Caminé sin mucho apuro en dirección al edificio B, subí en el ascensor hasta el cuarto piso, y anduve unos cuantos pasos más, hasta detenerme en la última puerta del pasillo derecho donde se encontraba el consultorio de Nia.
Entré, encontrándome en el interior; con la recepción totalmente vacía, en las sillas de la sala de espera no había ni un alma, ni siquiera donde su secretaria se suponía debía estar atendiendo, había alguien, después de todo, eran las doce del mediodía y era el único momento de descanso que a la pobre señora se le permitía.
Me dirigí hacia la puerta que tenía el letrero con el nombre de mi amiga y antes de entrar, le di unos pequeños toquecitos a la madera como aviso de que ya me encontraba allí. Al adentrarme en la acogedora estancia, me encontré con todas las ventanas abiertas, dejando pasar la intensa luz del día, que a decir verdad era muy poca dado que estábamos en invierno, pero al menos aún no había caído la primera nevada en Atlanta y eso que el año estaba a punto de acabarse.
La habitación donde mi vieja amiga pasaba gran parte de su tiempo, estaba pintada por colores blancos y negros, nada más. Era un recinto lo suficientemente amplio como para sentirte a gusto por horas, tenía un escritorio junto a un estante lleno de libros, un sofá y varias sillas regadas por todo el lugar, donde en una de ella se encontraba leyendo un libro.

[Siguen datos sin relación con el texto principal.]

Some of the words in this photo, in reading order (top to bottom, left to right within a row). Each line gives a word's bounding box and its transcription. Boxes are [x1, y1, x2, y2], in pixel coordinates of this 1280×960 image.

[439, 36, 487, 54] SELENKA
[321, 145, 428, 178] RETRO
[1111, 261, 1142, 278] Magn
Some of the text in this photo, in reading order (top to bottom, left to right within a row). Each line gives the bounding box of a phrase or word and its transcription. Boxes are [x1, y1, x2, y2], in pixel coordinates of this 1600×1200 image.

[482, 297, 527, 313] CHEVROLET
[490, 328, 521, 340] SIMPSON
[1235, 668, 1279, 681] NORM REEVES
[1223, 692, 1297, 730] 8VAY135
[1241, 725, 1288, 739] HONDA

Nia, quien a pesar de ser de mi misma edad, era mi superior, una a la cual respetaba y admiraba con todo mi ser. Ella en cuanto me vio no pudo evitar soltar una gran sonrisa, que iluminó su aniñado rostro.

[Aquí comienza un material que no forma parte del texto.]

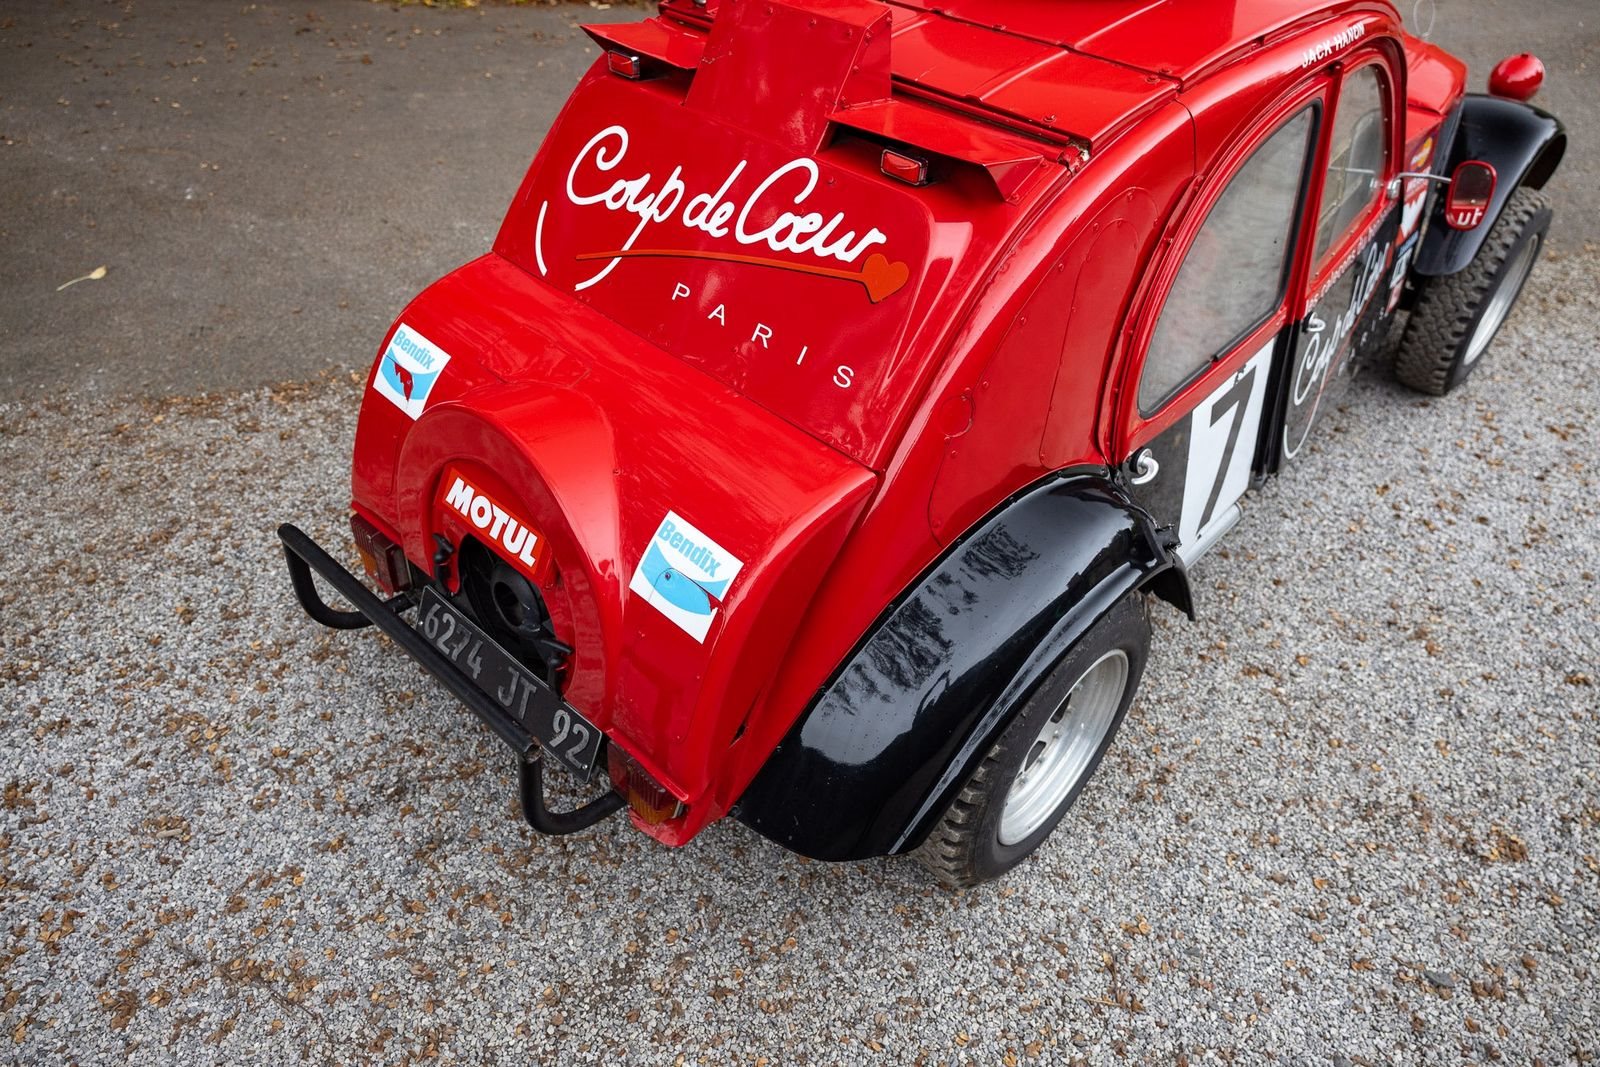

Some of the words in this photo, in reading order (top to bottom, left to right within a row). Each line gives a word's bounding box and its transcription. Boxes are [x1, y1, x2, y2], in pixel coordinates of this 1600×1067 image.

[1302, 39, 1333, 69] JACK
[1333, 21, 1365, 52] HANON
[566, 125, 685, 291] Coup
[682, 159, 748, 238] de
[392, 329, 436, 371] Bendix
[671, 281, 856, 389] PARIS
[1195, 364, 1257, 535] 7
[445, 476, 543, 569] MOTUL
[657, 518, 722, 576] Bendix
[424, 602, 484, 681] 6274
[497, 666, 538, 721] JT
[549, 708, 591, 770] 92

Nia era una chica hermosa, a pesar de casi nunca usar maquillaje, era sutil a la hora de llevarlo, tenía su cabello café un poco rizado sobre los hombros, y sus ojos grises intensos me miraron dulcemente al detenerme frente a ella, sin embargo, su felicidad fue tiñéndose en amargura cuando le extendí el ramo de flores que sabía perfectamente no era para mí, y que tomó con una de sus cejas levantada, casi extrañada con aquello.
Sin embargo, le quité aquellas ideas erróneas al decirle de quién procedía el regalo.

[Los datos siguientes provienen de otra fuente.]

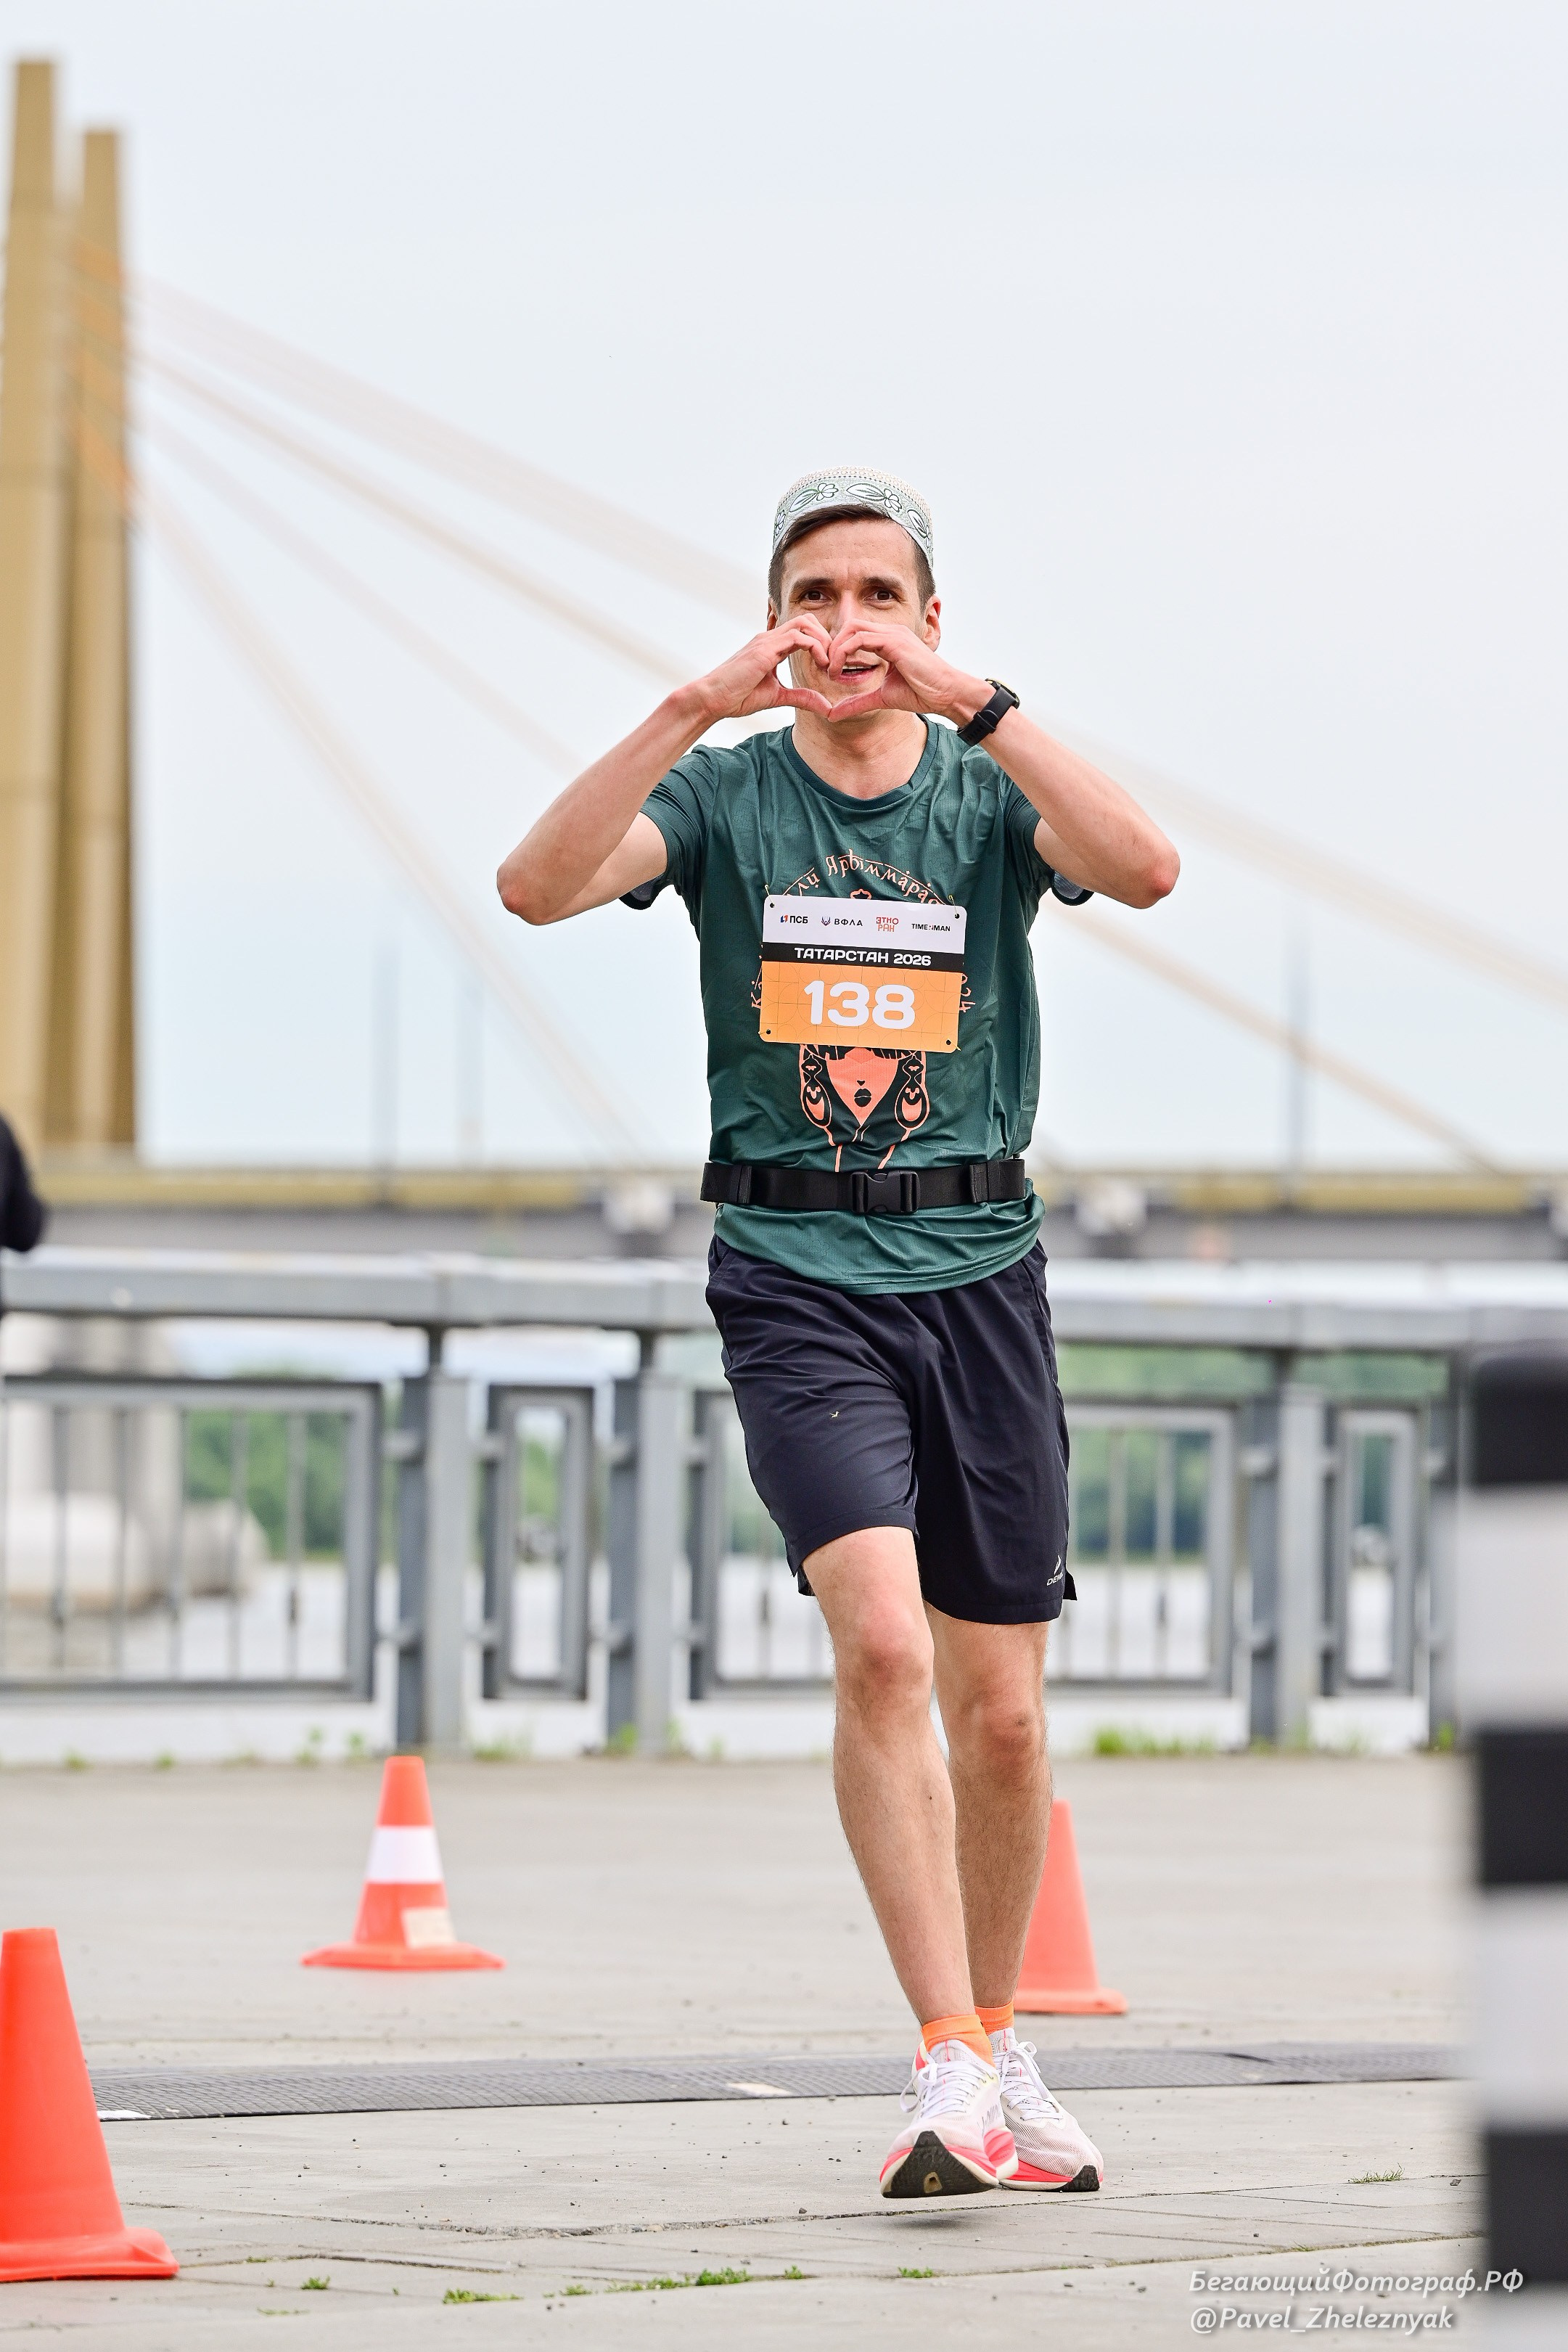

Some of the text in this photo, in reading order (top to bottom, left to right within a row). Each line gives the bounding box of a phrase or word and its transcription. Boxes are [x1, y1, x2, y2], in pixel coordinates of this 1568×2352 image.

[789, 915, 808, 924] ПСБ
[834, 918, 863, 927] ВФЛА
[877, 923, 895, 933] РАН
[794, 947, 932, 967] ТАТАРСТАН 2026
[803, 980, 916, 1030] 138

—Cody… —suspiré, tomando asiento a su lado.
—Oh.
—¿Cuándo piensas darle una oportunidad? —inquirí, poniendo las bolsas sobre la mesita que tenía a unos centímetros de mi silla, rebusque entre estas y saqué su café el cual le entregué de inmediato, junto con el sándwich que lógicamente Cody había escogido para ella sin necesidad de avisar, ya que este estaba marcado en su envoltura con un simple “vegetariano”; el preferido de Nia—. ¿Lleva más de un año rogándote?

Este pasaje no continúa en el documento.